Our faculty are involved in a range of research activities related to child development and care of pediatric populations. They conduct independent and collaborative research with colleagues from a broad range of disciplines, including psychiatry, neurology, psychology, cardiology, epidemiology, and public health. Examples of on-going faculty research projects are highlighted below. For more specific information regarding current and past research of Developmental Medicine faculty members, please see the hyperlinks to individual bios on the Faculty page.
Drs. Bush, Roubinov, and Boyce study the biological and behavioral consequences of exposure to stress, adversity, and poverty in childhood, and how these experiences affect mental and physical health across the lifespan. They also focus on individual differences in response to adversity, factors that promote resilience, and interventions that improve child health.
Drs. Lundy and Pfeifle are members of the Pacific Pediatric Neuro-Oncology Consortium (PNOC), an international research group working to optimize pediatric brain tumor treatment. They are leading PNOC’s investigation of health-related quality of life (HRQOL) and neurocognitive outcomes among children with brain tumors.
Dr. Cox’s research primarily focuses on neurodevelopmental outcomes for children with complex congenital heart disease. She is also involved in clinical research projects investigating neurocognitive profiles and co-occurring neurodevelopmental disorders (autism spectrum disorder, ADHD) in children with congenital heart disease and other medical conditions that affect brain development.
Dr. Martin Herz conducts research on the prevention of neonatal brain injury and developmental delay/disability and the epidemiology of developmental disability in low-resourced settings around the globe. In addition, she has a strong background in quality improvement and systems work, including projects to reduce disparities in access to neurodevelopmental diagnostics and services.
Dr Jeung’s research interests include behavioral health integration in primary care, parenting support interventions, and trauma-informed care.
Clinical Research Services’ Clinical & Translational Science Institute (CRS CTSI) Neurodevelopmental Assessment Program
In addition to conducting our own research, the Division of Developmental Medicine provides consultative services to other researchers wishing to study neurodevelopment. The UCSF CRS CTSI Neurodevelopmental Assessment Program, led by Dr. Lundy and Ms. Christopher, provides opportunities for investigators to receive consultation services from a licensed clinical psychologist with specialized training in neuropsychology as well as test administration and scoring support by an experienced psychometrist for pediatric clinical research studies. Specific services include:
· Consultation regarding study design and implementation of neurodevelopmental and neurocognitive testing.

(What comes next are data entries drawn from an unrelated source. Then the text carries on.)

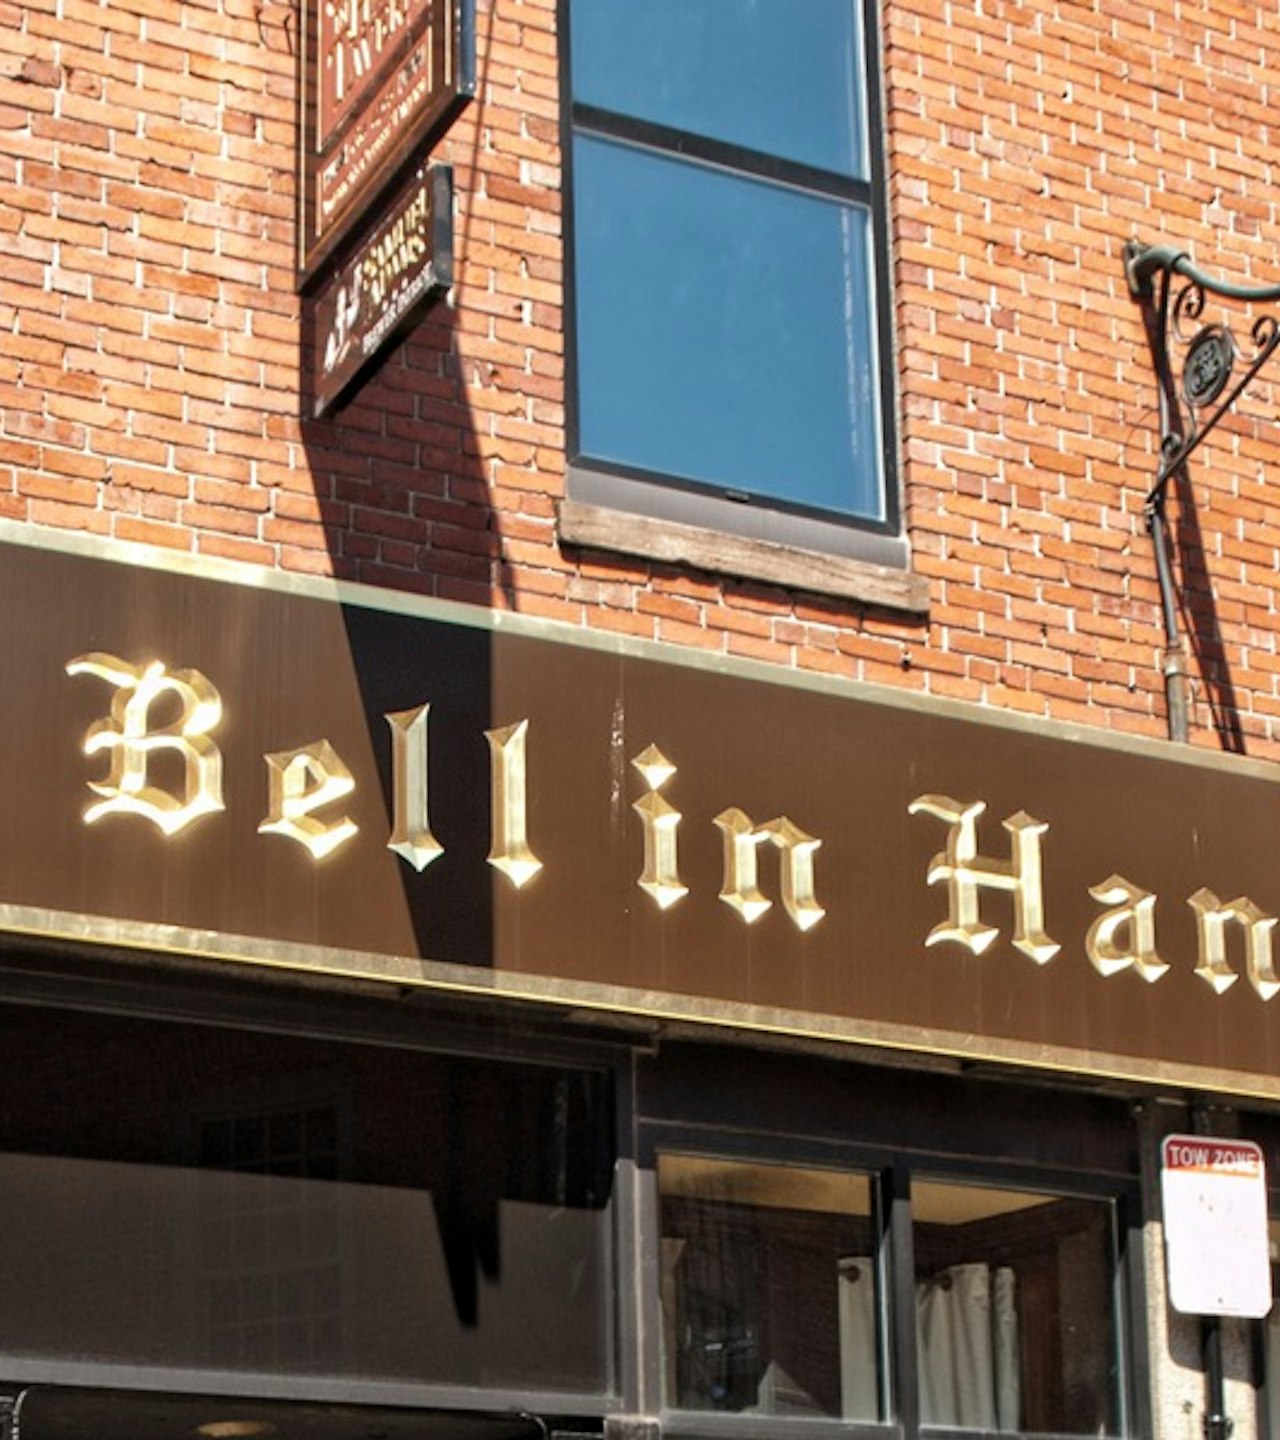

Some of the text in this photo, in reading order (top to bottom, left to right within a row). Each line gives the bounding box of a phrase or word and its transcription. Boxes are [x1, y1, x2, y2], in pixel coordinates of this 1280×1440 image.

[66, 651, 542, 888] Bell
[631, 743, 825, 932] in
[1169, 1145, 1258, 1166] TOW ZONE
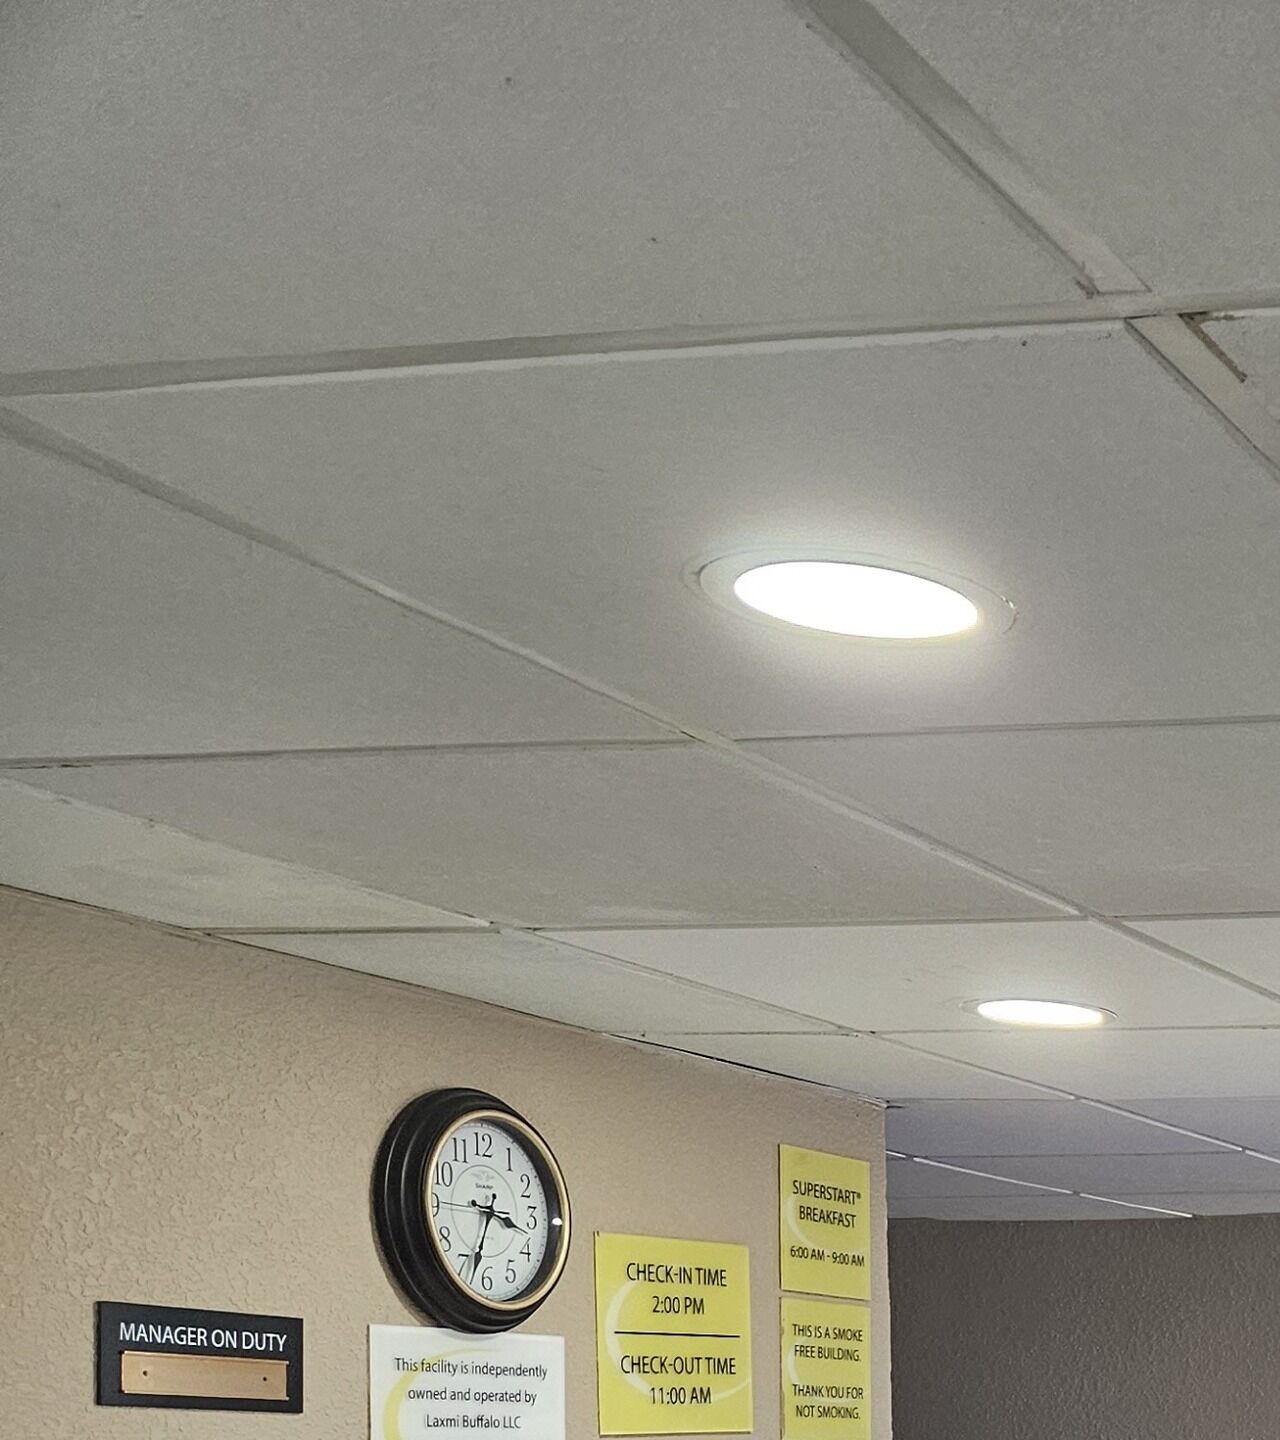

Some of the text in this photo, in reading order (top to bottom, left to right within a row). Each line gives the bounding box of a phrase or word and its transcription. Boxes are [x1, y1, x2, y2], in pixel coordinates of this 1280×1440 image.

[451, 1137, 468, 1163] 11
[473, 1131, 493, 1158] 12
[505, 1147, 513, 1171] 1
[435, 1159, 453, 1187] 10
[520, 1173, 531, 1198] 2
[526, 1205, 536, 1230] 3
[799, 1205, 856, 1228] BREAKFAST
[439, 1225, 451, 1252] 8
[519, 1236, 531, 1262] 4
[457, 1252, 469, 1276] 7
[790, 1245, 808, 1259] 6:00
[810, 1247, 825, 1261] AM
[831, 1251, 849, 1265] 9:00
[850, 1254, 864, 1266] AM
[481, 1266, 493, 1290] 6
[505, 1258, 516, 1283] 5
[626, 1262, 727, 1287] CHECK-IN TIME
[652, 1295, 704, 1314] 2:00 PM
[118, 1321, 287, 1352] MANAGER ON DUTY
[791, 1323, 862, 1342] THIS IS A SMOKE
[620, 1354, 736, 1374] CHECK-OUT TIME
[794, 1344, 861, 1361] FREE BUILDING.
[394, 1357, 547, 1381] This facility is independently
[408, 1387, 537, 1406] owned and operated by
[650, 1386, 711, 1404] 11:00 AM
[792, 1383, 863, 1399] THANK YOU FOR
[425, 1414, 521, 1429] Laxmi Buffalo LLC
[795, 1405, 860, 1419] NOT SMOKING.

· Assistance with establishing an appropriate test battery.
· Access to a testing room and basic supplies.
· Administration of a variety of assessment instruments used to assess cognitive abilities as well as emotional, behavioral, and social functioning.
· Consultation regarding analysis of test data and appropriate dissemination of research findings.
The Division of Developmental Medicine is committed to building bridges between the science, practice, and the community. Our faculty partner with community agencies and local and state policymakers to inform programs and legislature regarding children and families with emerging research.